Supongo que acabo de reinterpretar la estética romántica a mi conveniencia. Recurro a tal arreglo porque el nuevo género, si género hay, es histórico. Tengo que repetir lo que Manzoni escribió hace 168 años porque los intelectuales y escritores suelen tener fuertes problemas de audición. La novela histórica es un aborto: apenas empieza a vivir y muere. Mezclar la historiografía y la ficción literaria es absurdo porque algo es o histórico o ficticio, no existen las escalas grises en este caso. ¿Qué más se podría decir? Mucho, pero este mucho siempre va a regresar a la contradicción originaria que Manzoni apuntó.

El italiano agrega malicioso otra contradicción.
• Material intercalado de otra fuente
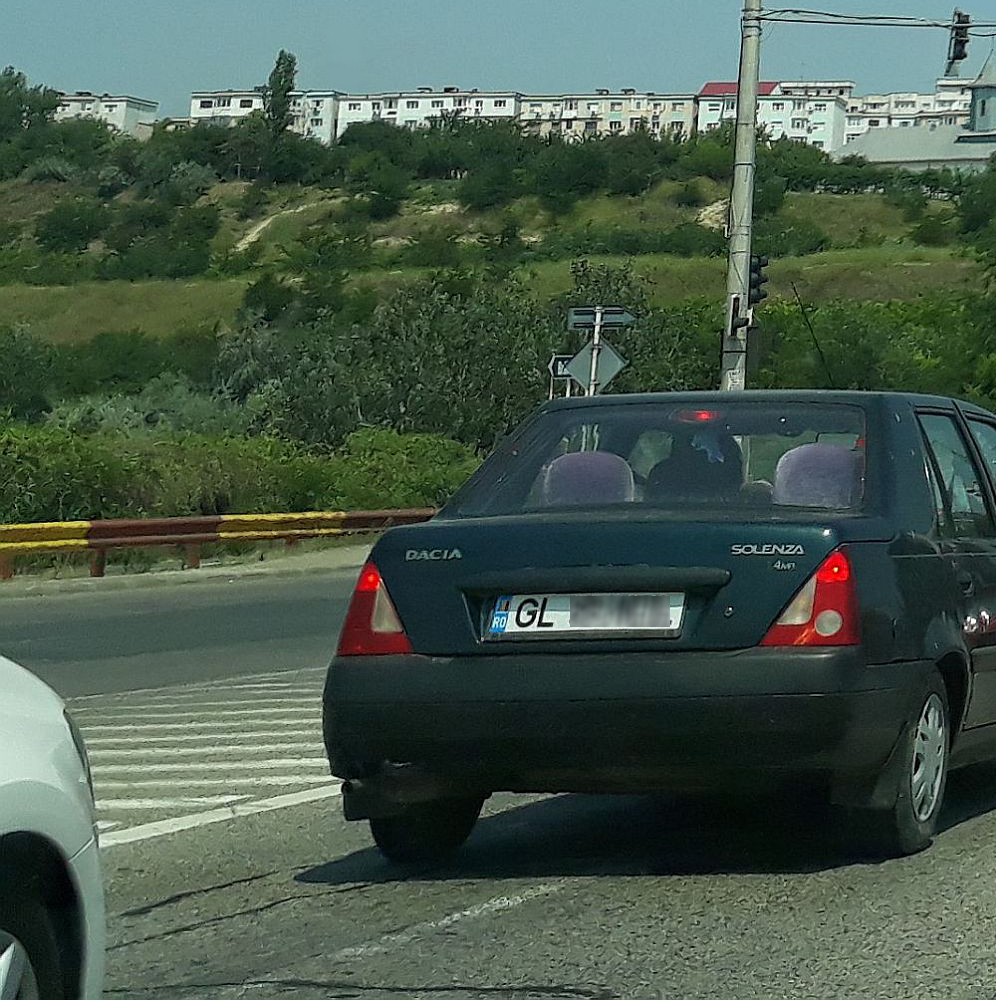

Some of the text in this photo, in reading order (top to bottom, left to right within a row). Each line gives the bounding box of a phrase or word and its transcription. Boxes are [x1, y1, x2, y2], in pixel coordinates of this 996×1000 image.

[405, 548, 463, 561] DACIA
[731, 544, 806, 556] SOLENZA
[515, 597, 554, 628] GL
Escribe Los novios, posiblemente la mejor novela histórica del siglo XIX. El libro se publica en 1842, antes del ensayo. ¿Manzoni asesinó su propia obra maestra? ¿Trató de decirnos que Los novios no es una novela histórica, sino otra cosa? ¿Qué cosa? Nunca lo sabremos. Sí sabemos, no obstante, que en este caso la teoría llegó, para bien o para mal, después de la praxis para ocuparse de un fenómeno ya existente. Luego, en el siglo XX y en nuestro tempranamente malogrado XXI, la teoría se antepone y dicta las reglas para escribir una novela. Así pasó con la nueva novela histórica, término inventado por Seymour Menton, aunque posiblemente plagiado del mexicano Juan José Barrientos, aunque legalmente no puede ser plagio porque el norteamericano admite en una modesta nota a pie de página su deuda con el mexicano, pero ¿quién lee las notas a pie de página?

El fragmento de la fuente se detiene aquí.